───── The data ─────
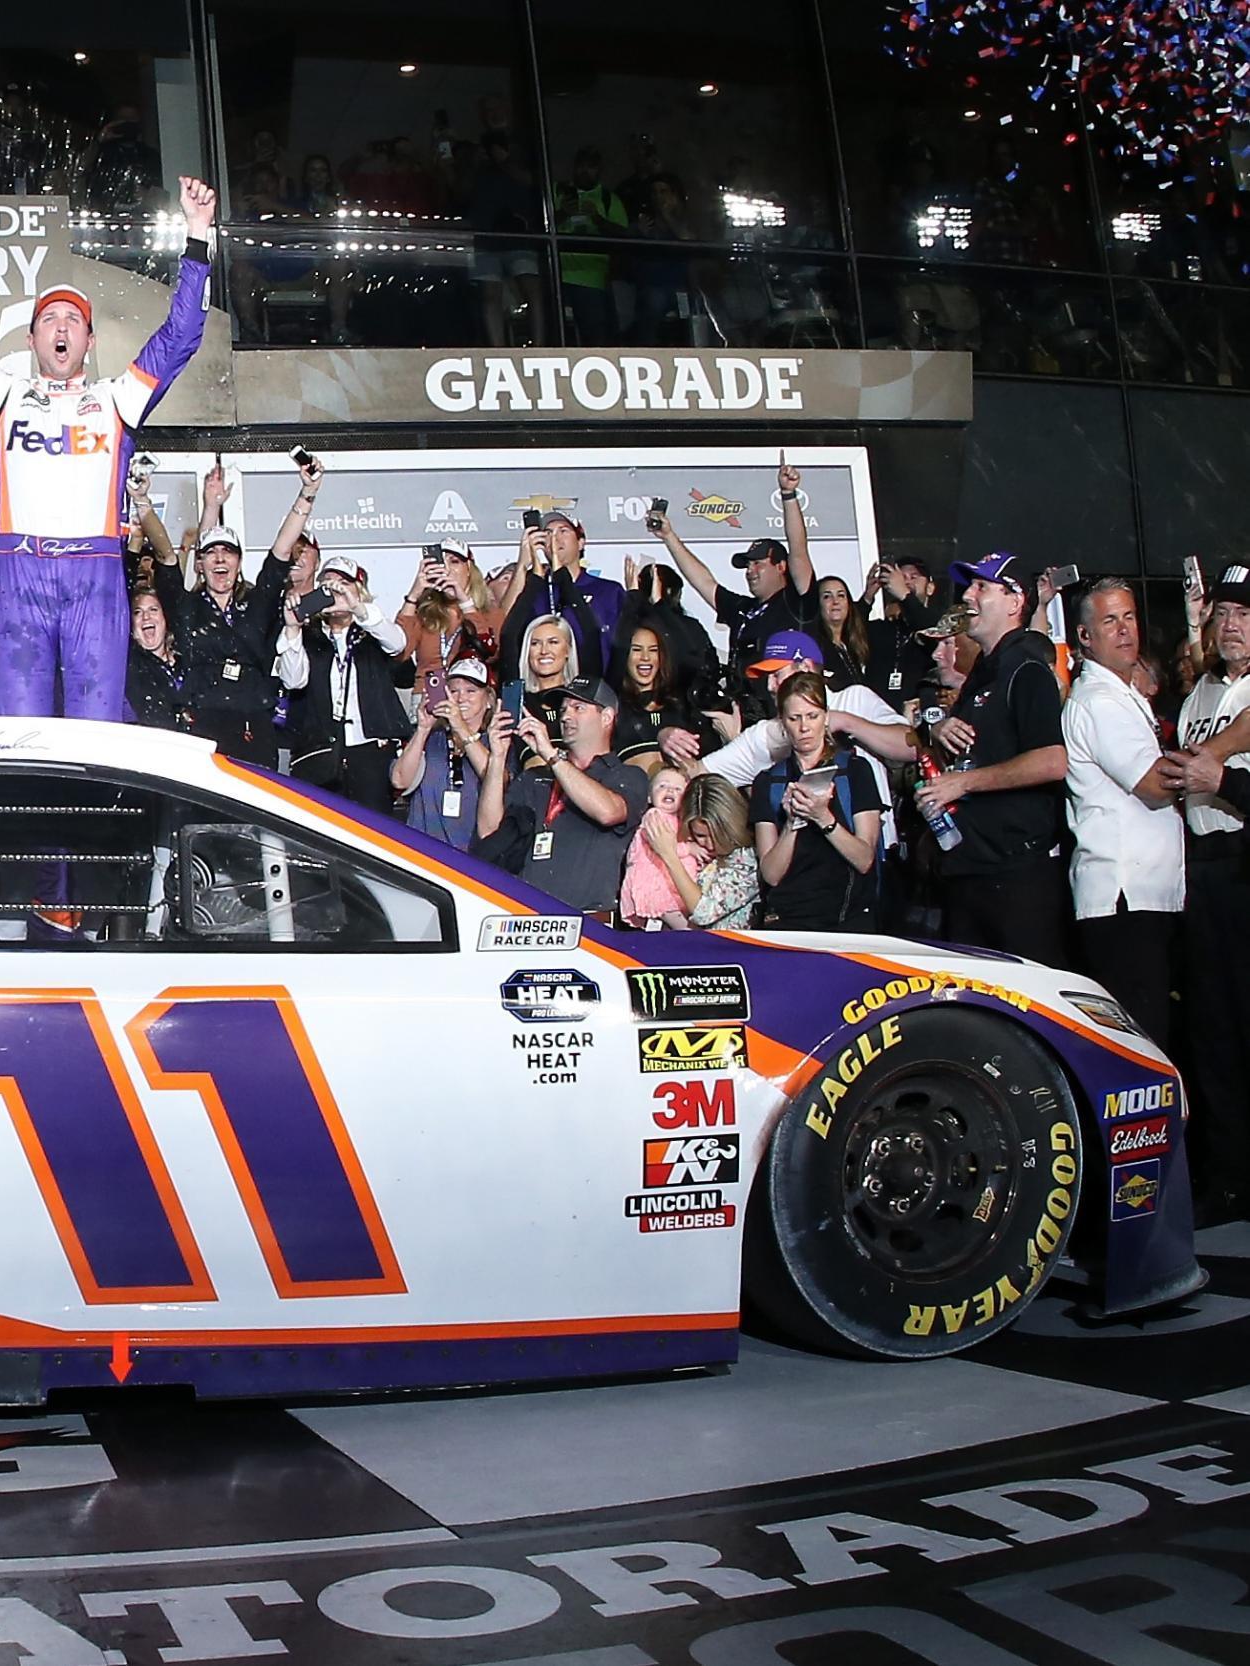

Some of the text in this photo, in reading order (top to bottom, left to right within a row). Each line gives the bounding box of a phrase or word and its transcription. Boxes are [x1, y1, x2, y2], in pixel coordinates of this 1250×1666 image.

[47, 380, 83, 392] FedEx
[424, 356, 804, 412] GATORADE
[6, 419, 111, 456] FedEx
[690, 503, 742, 515] SUNOCO
[304, 513, 403, 532] ventHealth
[425, 521, 479, 533] AXALTA
[765, 516, 820, 528] TOTA
[513, 919, 569, 934] NASCAR
[494, 935, 566, 947] RACE CAR
[532, 973, 573, 983] NASCAR
[669, 975, 740, 988] MONSTER
[516, 985, 584, 1006] HEAT
[842, 972, 1033, 1025] GOODYEAR
[512, 1032, 595, 1049] NASCAR
[527, 1052, 582, 1069] HEAT
[642, 1057, 708, 1072] MECHANIX
[532, 1072, 577, 1085] .com
[806, 1014, 904, 1140] EAGLE
[652, 1079, 736, 1130] 3M
[1103, 1082, 1175, 1120] MOOG
[1110, 1124, 1168, 1154] Edelbrock
[628, 1191, 719, 1215] LINCOLN
[647, 1212, 726, 1231] WELDERS
[902, 1120, 1076, 1338] GOODYEAR
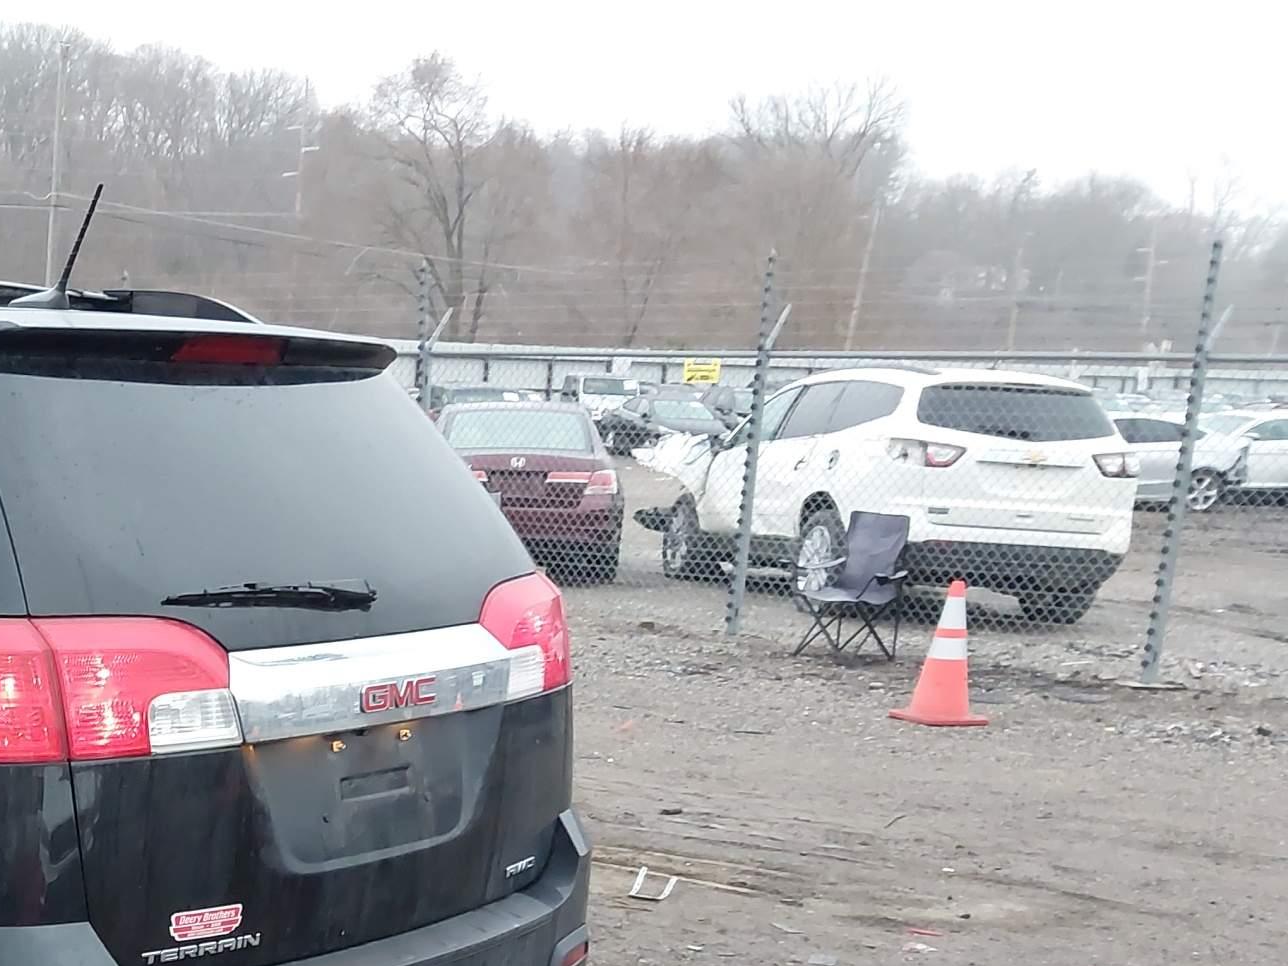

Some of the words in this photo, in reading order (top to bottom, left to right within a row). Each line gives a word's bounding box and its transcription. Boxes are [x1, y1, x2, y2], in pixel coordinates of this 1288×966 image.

[360, 674, 437, 713] GMC
[202, 909, 236, 922] Brothers
[141, 932, 261, 966] TERRAIN
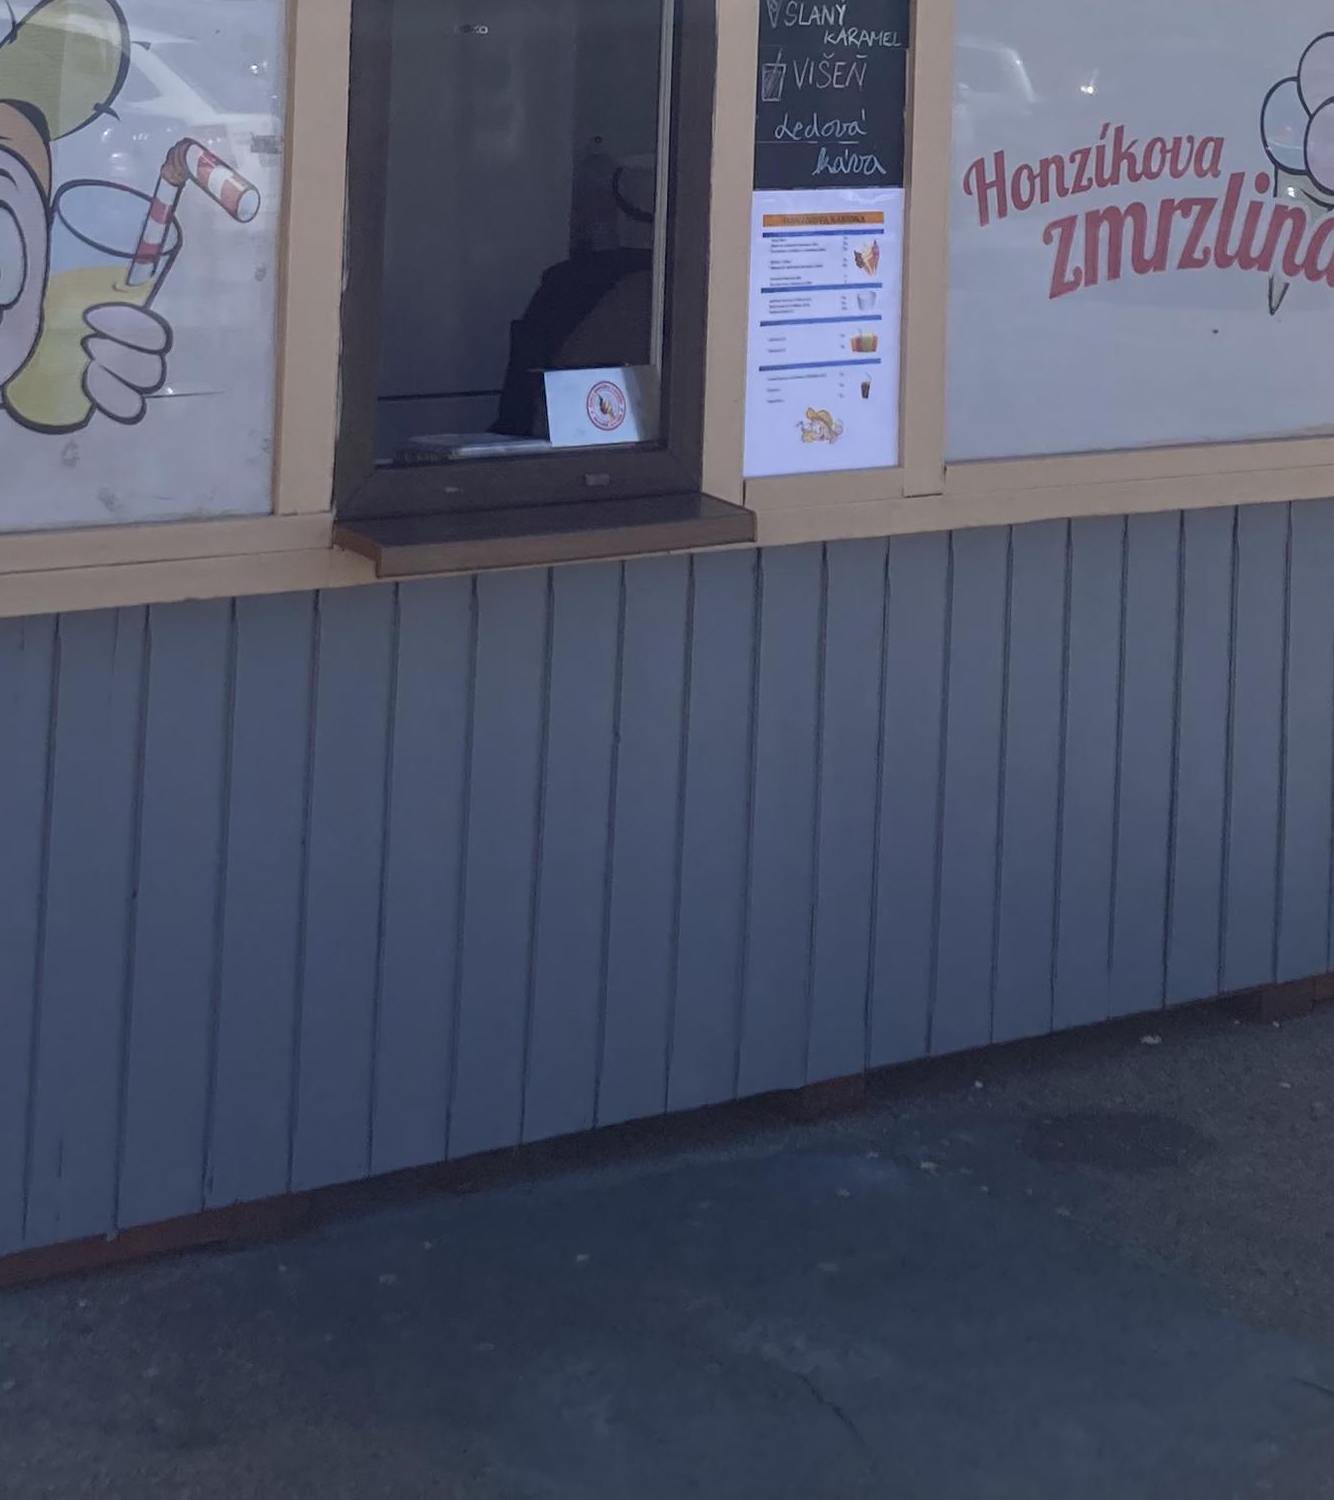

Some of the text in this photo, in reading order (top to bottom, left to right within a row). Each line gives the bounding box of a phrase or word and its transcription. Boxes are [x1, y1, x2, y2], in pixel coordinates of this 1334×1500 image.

[823, 27, 901, 49] KARAMEL
[793, 52, 868, 91] VIŠEŇ
[962, 122, 1225, 227] Honzíkova
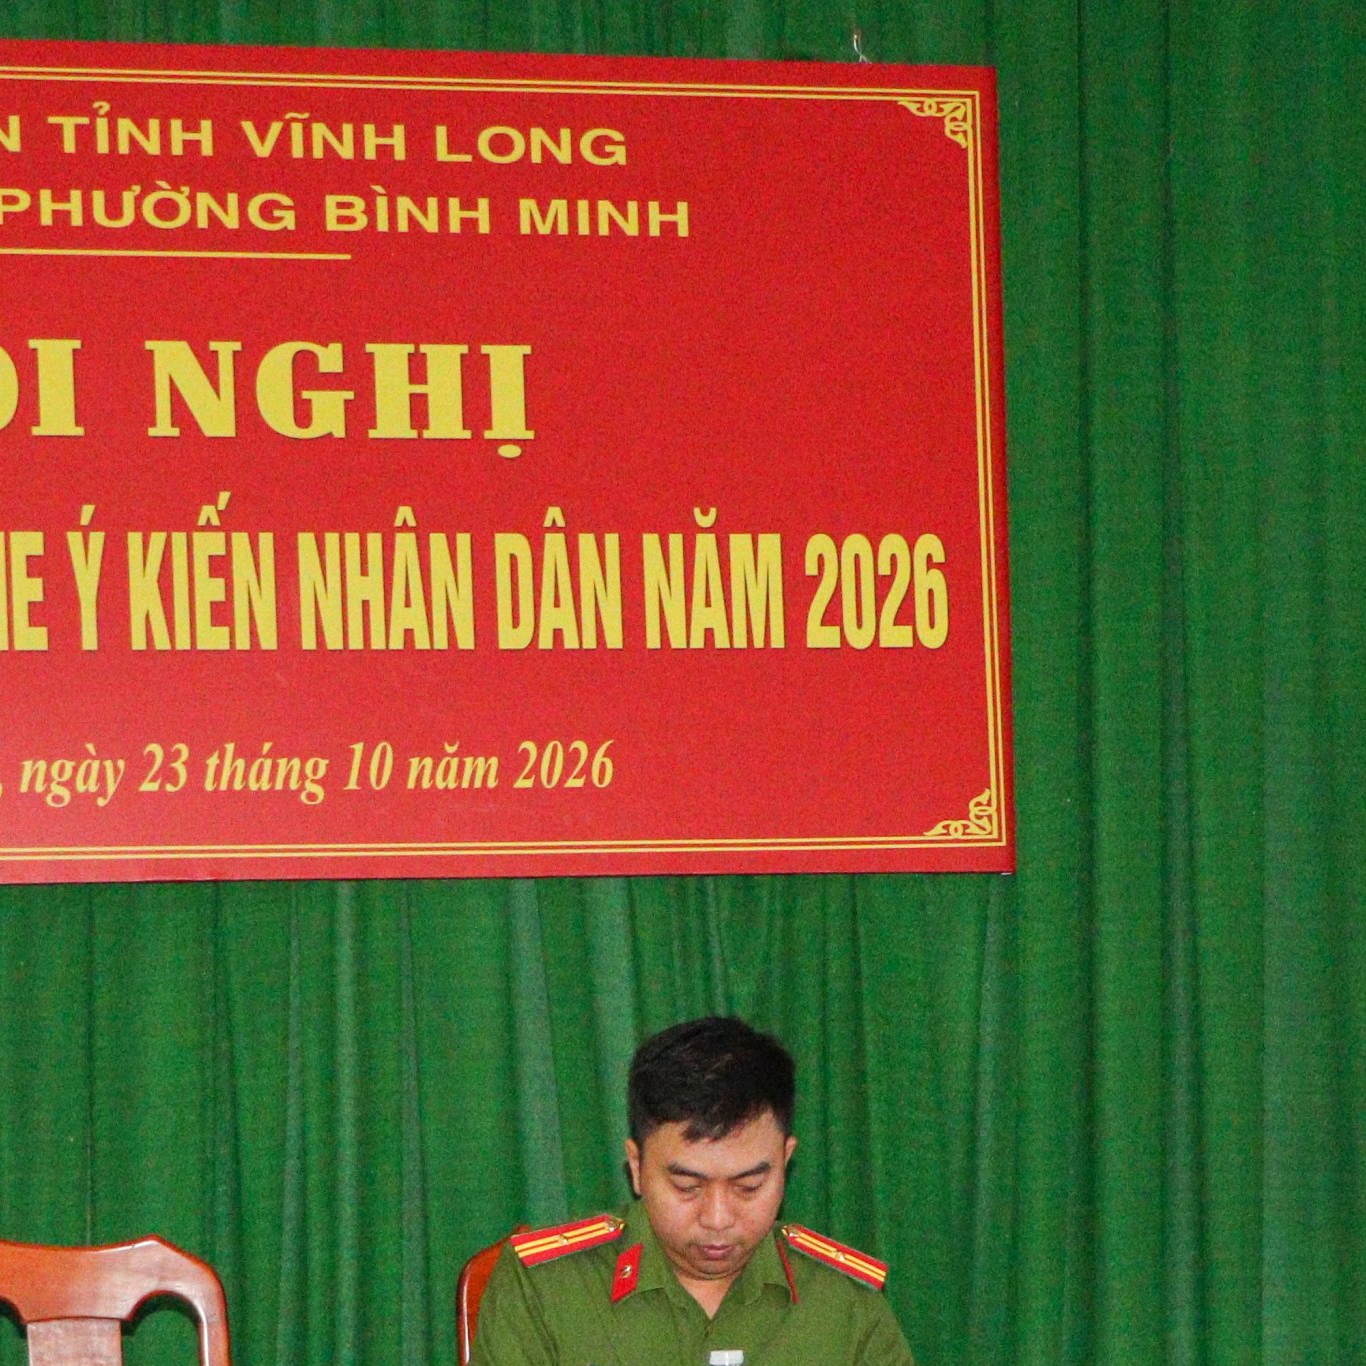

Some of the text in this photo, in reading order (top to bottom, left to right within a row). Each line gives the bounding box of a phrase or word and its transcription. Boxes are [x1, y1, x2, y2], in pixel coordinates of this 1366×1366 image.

[47, 101, 214, 156] TỈNH
[240, 112, 406, 161] VĨNH
[435, 125, 627, 166] LONG
[325, 184, 491, 234] BÌNH
[519, 198, 689, 237] MINH
[144, 339, 535, 459] NGHỊ
[66, 503, 106, 651] Ý
[126, 490, 278, 651] KIẾN
[297, 505, 475, 650] NHÂN
[494, 506, 624, 650] DÂN
[642, 506, 786, 650] NĂM
[804, 533, 949, 650] 2026
[18, 742, 126, 809] ngày
[137, 742, 190, 793] 23
[203, 741, 330, 806] tháng
[343, 741, 394, 791] 10
[406, 741, 499, 790] năm
[512, 739, 614, 789] 2026
─────
**Task statement**
Set down the data above word for word, leaving every picture out.

**Exercise solution**
Some of the text in this photo, in reading order (top to bottom, left to right within a row). Each line gives the bounding box of a phrase or word and its transcription. Boxes are [x1, y1, x2, y2], in pixel coordinates of this 1250×1666 image.

[47, 380, 83, 392] FedEx
[424, 356, 804, 412] GATORADE
[6, 419, 111, 456] FedEx
[690, 503, 742, 515] SUNOCO
[304, 513, 403, 532] ventHealth
[425, 521, 479, 533] AXALTA
[765, 516, 820, 528] TOTA
[513, 919, 569, 934] NASCAR
[494, 935, 566, 947] RACE CAR
[532, 973, 573, 983] NASCAR
[669, 975, 740, 988] MONSTER
[516, 985, 584, 1006] HEAT
[842, 972, 1033, 1025] GOODYEAR
[512, 1032, 595, 1049] NASCAR
[527, 1052, 582, 1069] HEAT
[642, 1057, 708, 1072] MECHANIX
[532, 1072, 577, 1085] .com
[806, 1014, 904, 1140] EAGLE
[652, 1079, 736, 1130] 3M
[1103, 1082, 1175, 1120] MOOG
[1110, 1124, 1168, 1154] Edelbrock
[628, 1191, 719, 1215] LINCOLN
[647, 1212, 726, 1231] WELDERS
[902, 1120, 1076, 1338] GOODYEAR

Some of the words in this photo, in reading order (top to bottom, left to right within a row). Each line gives a word's bounding box and its transcription. Boxes are [x1, y1, x2, y2], in pixel coordinates of this 1288×966 image.

[360, 674, 437, 713] GMC
[202, 909, 236, 922] Brothers
[141, 932, 261, 966] TERRAIN

Some of the text in this photo, in reading order (top to bottom, left to right within a row). Each line gives the bounding box of a phrase or word and its transcription. Boxes are [x1, y1, x2, y2], in pixel coordinates of this 1334×1500 image.

[823, 27, 901, 49] KARAMEL
[793, 52, 868, 91] VIŠEŇ
[962, 122, 1225, 227] Honzíkova

Some of the text in this photo, in reading order (top to bottom, left to right within a row). Each line gives the bounding box of a phrase or word and its transcription. Boxes are [x1, y1, x2, y2], in pixel coordinates of this 1366×1366 image.

[47, 101, 214, 156] TỈNH
[240, 112, 406, 161] VĨNH
[435, 125, 627, 166] LONG
[325, 184, 491, 234] BÌNH
[519, 198, 689, 237] MINH
[144, 339, 535, 459] NGHỊ
[66, 503, 106, 651] Ý
[126, 490, 278, 651] KIẾN
[297, 505, 475, 650] NHÂN
[494, 506, 624, 650] DÂN
[642, 506, 786, 650] NĂM
[804, 533, 949, 650] 2026
[18, 742, 126, 809] ngày
[137, 742, 190, 793] 23
[203, 741, 330, 806] tháng
[343, 741, 394, 791] 10
[406, 741, 499, 790] năm
[512, 739, 614, 789] 2026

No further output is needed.